Ethereum will become more scalable after the network "surge,"Vitalik Buterin said Thursday.- "Ethereum will be able to process 100,000 transactions per second," the ethereum co-founder told a conference in Paris.
Ethereum will improve upon its scalability after the completion of the so-called surge, co-founder Vitalik Buterin said Thursday.
At the Ethereum Community Conference in Paris, he addressed overall changes coming to the network, which also includes a "merge."
"At the end of this road map, ethereum will be a much more scalable system," said Buterin. "By the end, ethereum will be able to process 100,000 transactions per second."

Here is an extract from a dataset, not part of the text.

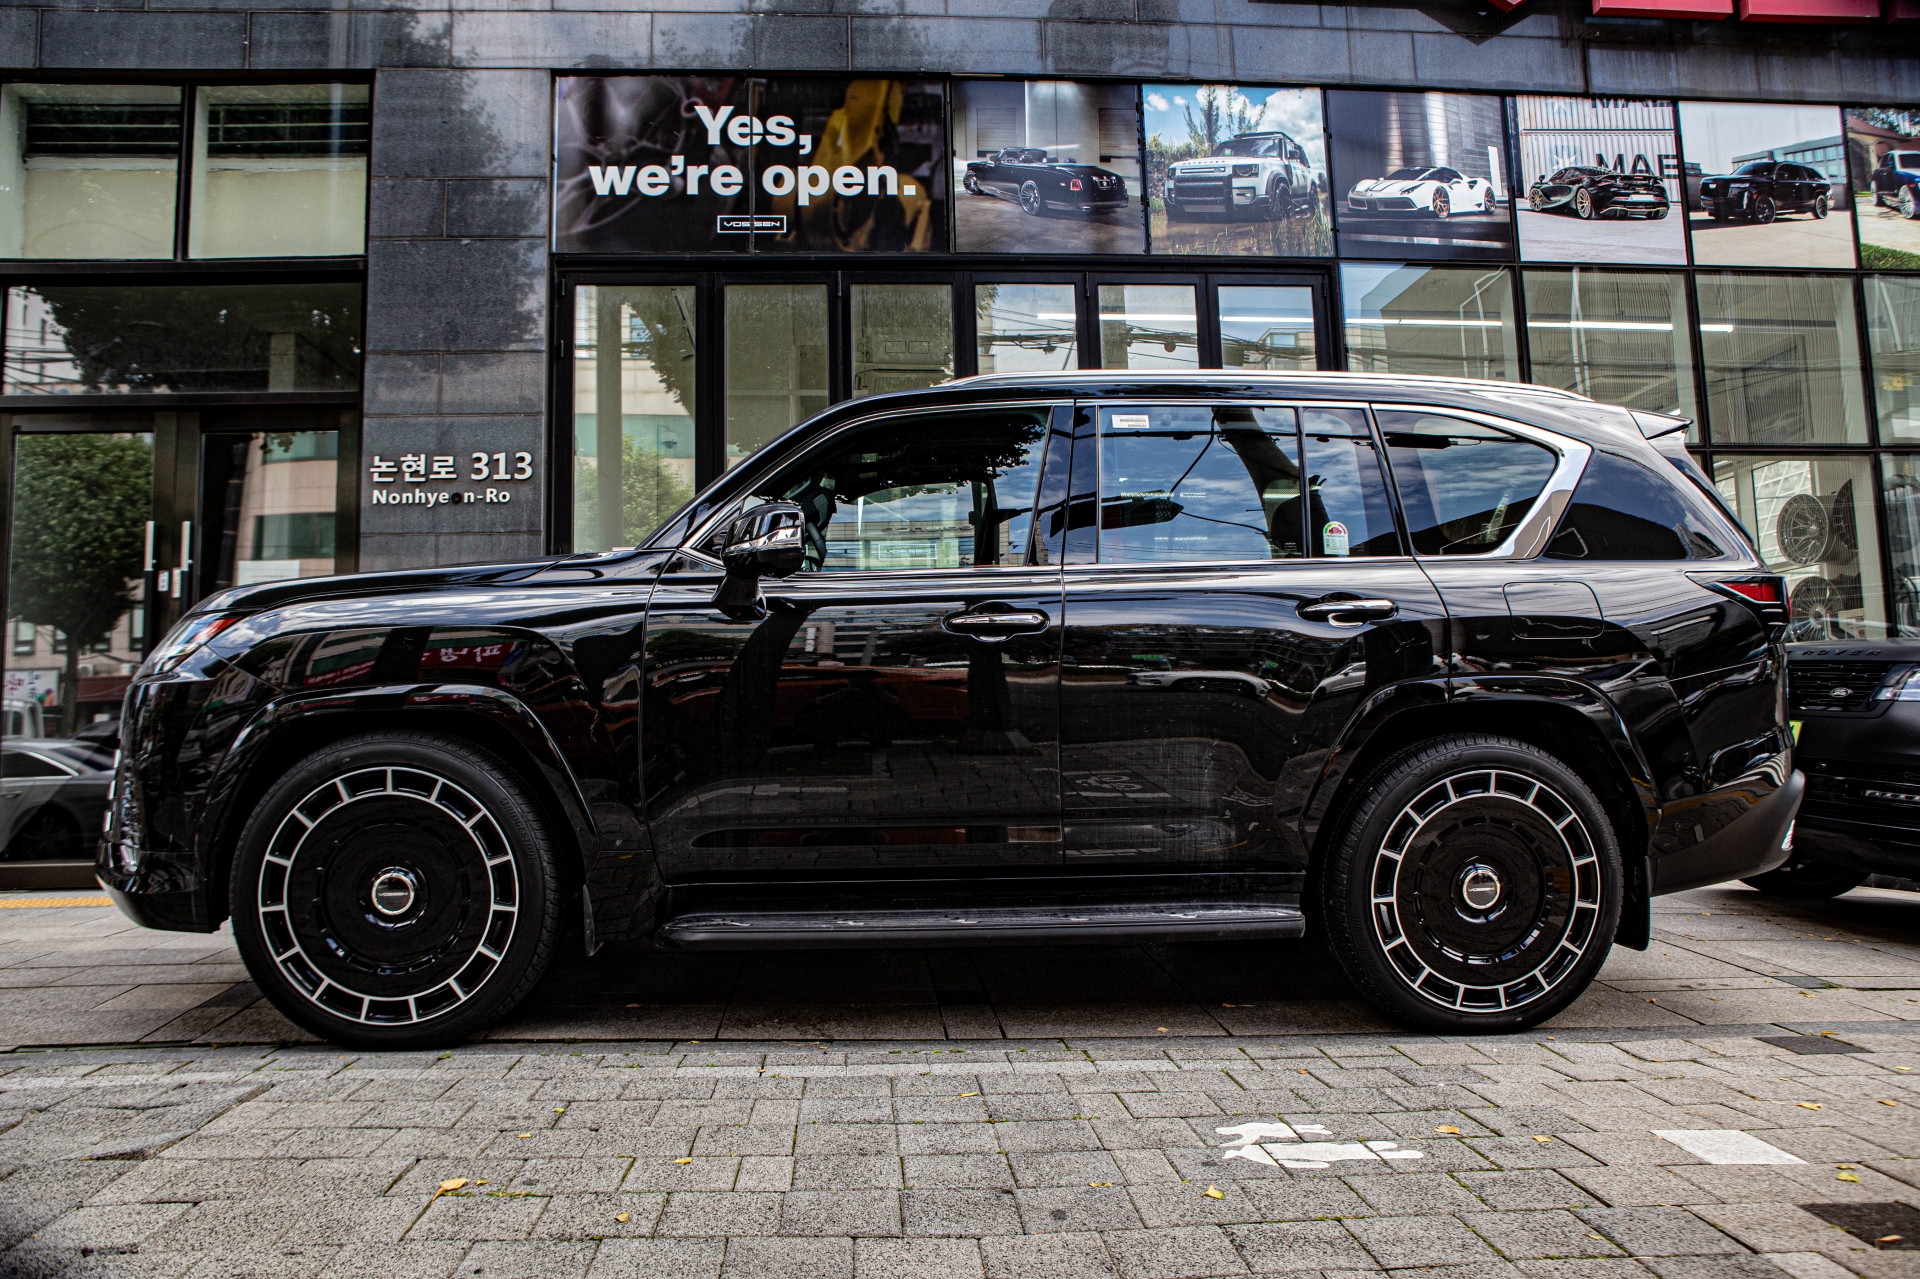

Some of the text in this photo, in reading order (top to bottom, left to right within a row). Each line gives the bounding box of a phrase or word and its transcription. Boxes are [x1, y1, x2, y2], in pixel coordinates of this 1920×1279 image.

[694, 105, 812, 155] Yes,
[588, 155, 917, 206] we're open.
[369, 451, 533, 483] 논현로 313

The long-awaited and widely speculated merge, dubbed "Ethereum 2.0," is meant to transition ethereum from the energy-intensive proof-of-work consensus mechanism to the more efficient proof-of-stake model.

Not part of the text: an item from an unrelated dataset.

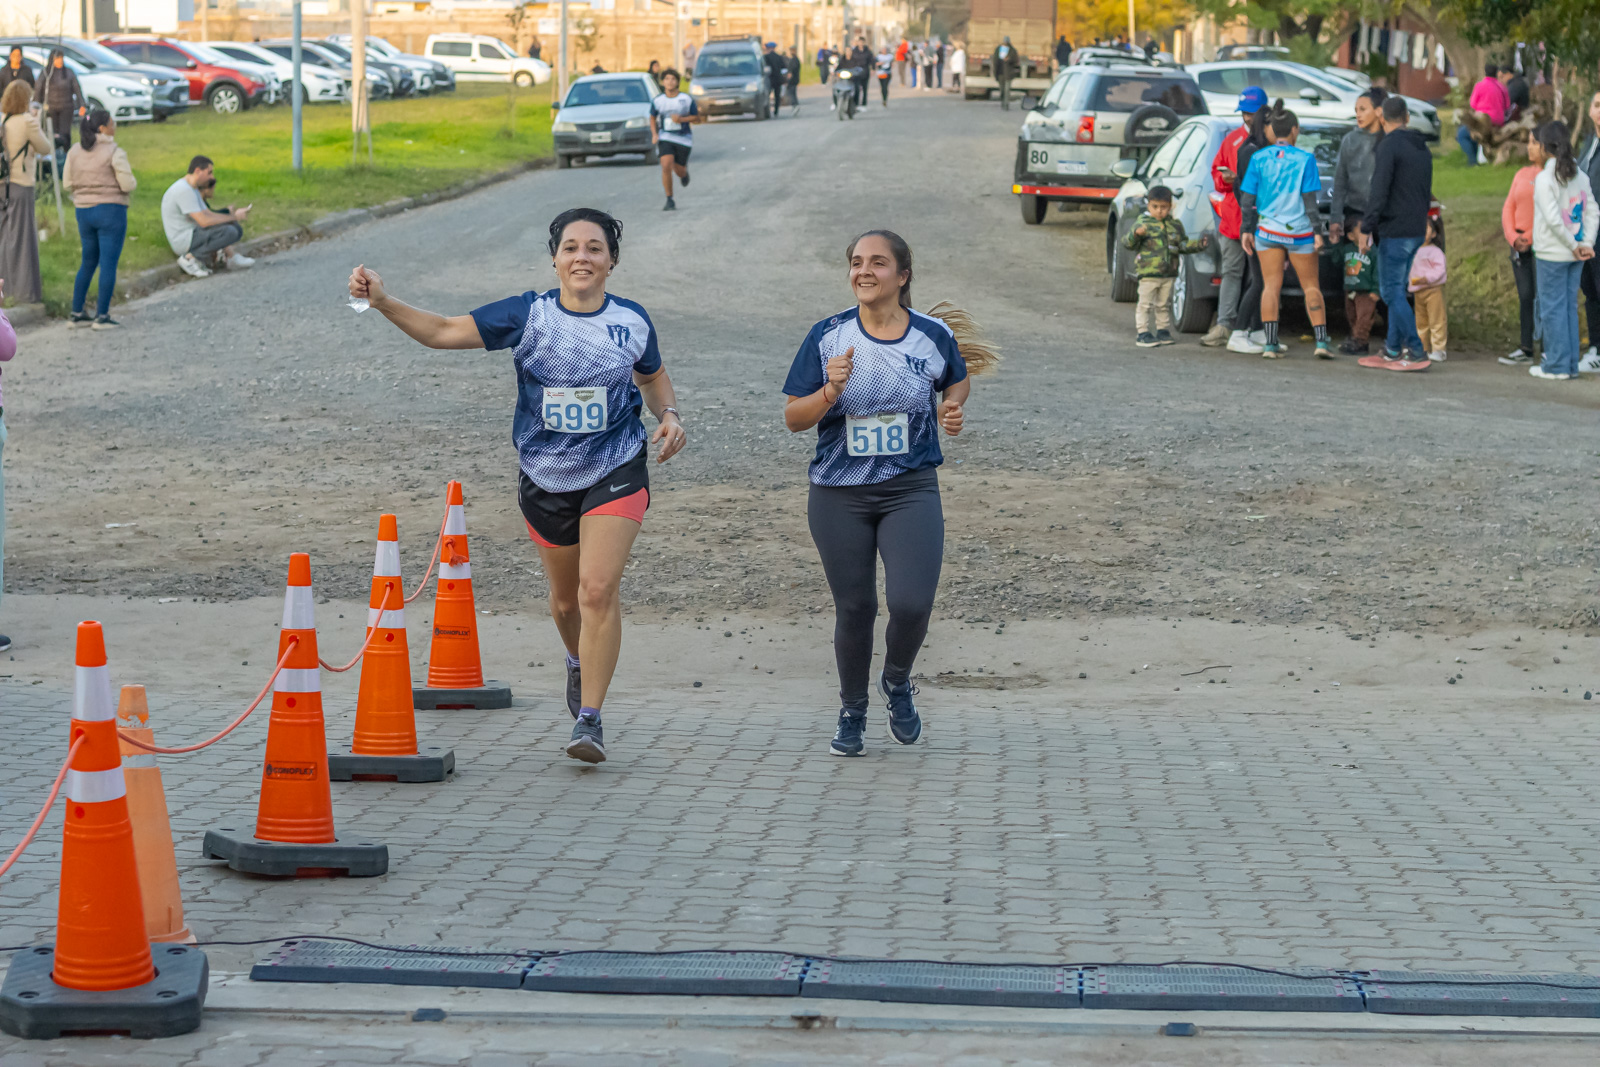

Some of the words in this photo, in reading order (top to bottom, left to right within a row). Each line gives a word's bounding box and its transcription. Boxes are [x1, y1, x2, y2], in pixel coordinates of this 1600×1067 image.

[1031, 150, 1048, 164] 80
[545, 403, 604, 430] 599
[852, 425, 904, 453] 518

Proof-of-work requires miners to utilize mass amounts of computing power and energy in order to authenticate transactions on the blockchain by solving puzzles. Proof-of-stake, however, is a system built around proof of ownership, where users "stake" their own ether holdings and thus lessen the amount of computing power needed to complete transactions.

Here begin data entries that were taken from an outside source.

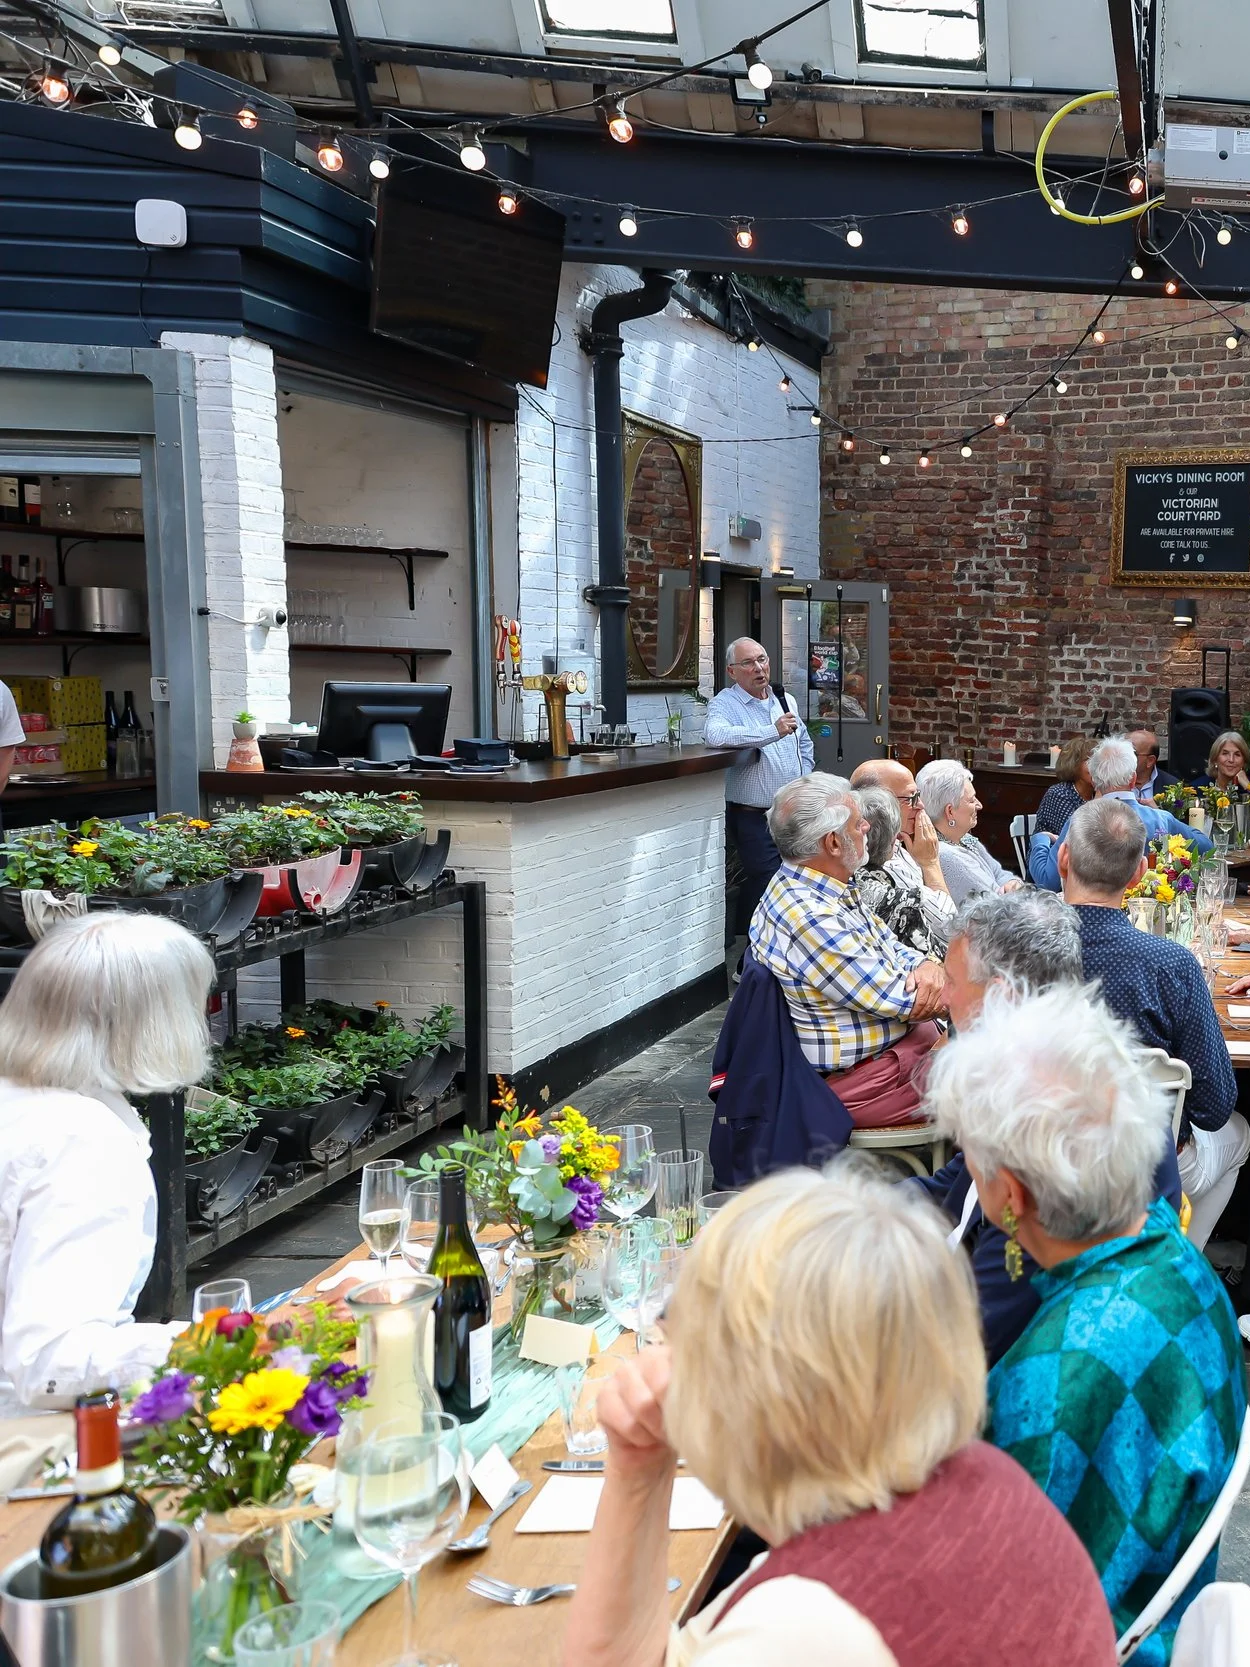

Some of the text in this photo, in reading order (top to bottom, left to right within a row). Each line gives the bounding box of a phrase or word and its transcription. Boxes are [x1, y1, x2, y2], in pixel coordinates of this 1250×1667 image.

[1176, 472, 1212, 483] DINING
[1215, 471, 1245, 482] ROOM
[1186, 487, 1198, 495] OUR
[1161, 498, 1218, 509] VICTORIAN
[1157, 511, 1221, 521] COURTYARD
[1140, 527, 1235, 536] ARE AVAILABLE FOR PRIVATE HIRE
[1160, 540, 1175, 549] COME
[1176, 540, 1191, 549] TALK
[1192, 540, 1200, 549] TO

The network itself will be 55% complete once the merge concludes, Buterin said, adding that some of the changes to ethereum include updates to its monetary policy and security.
Over the weekend, the Ethereum Foundation's Tim Beiko said the merge could happen the week of September 19.
Ether, the network's native token, is down near 60% from the start of the year, changing hands at $1,510 on Thursday after a broad cryptocurrency rout this year that dragged the total market capitalization below $1 trillion, which has since been regained.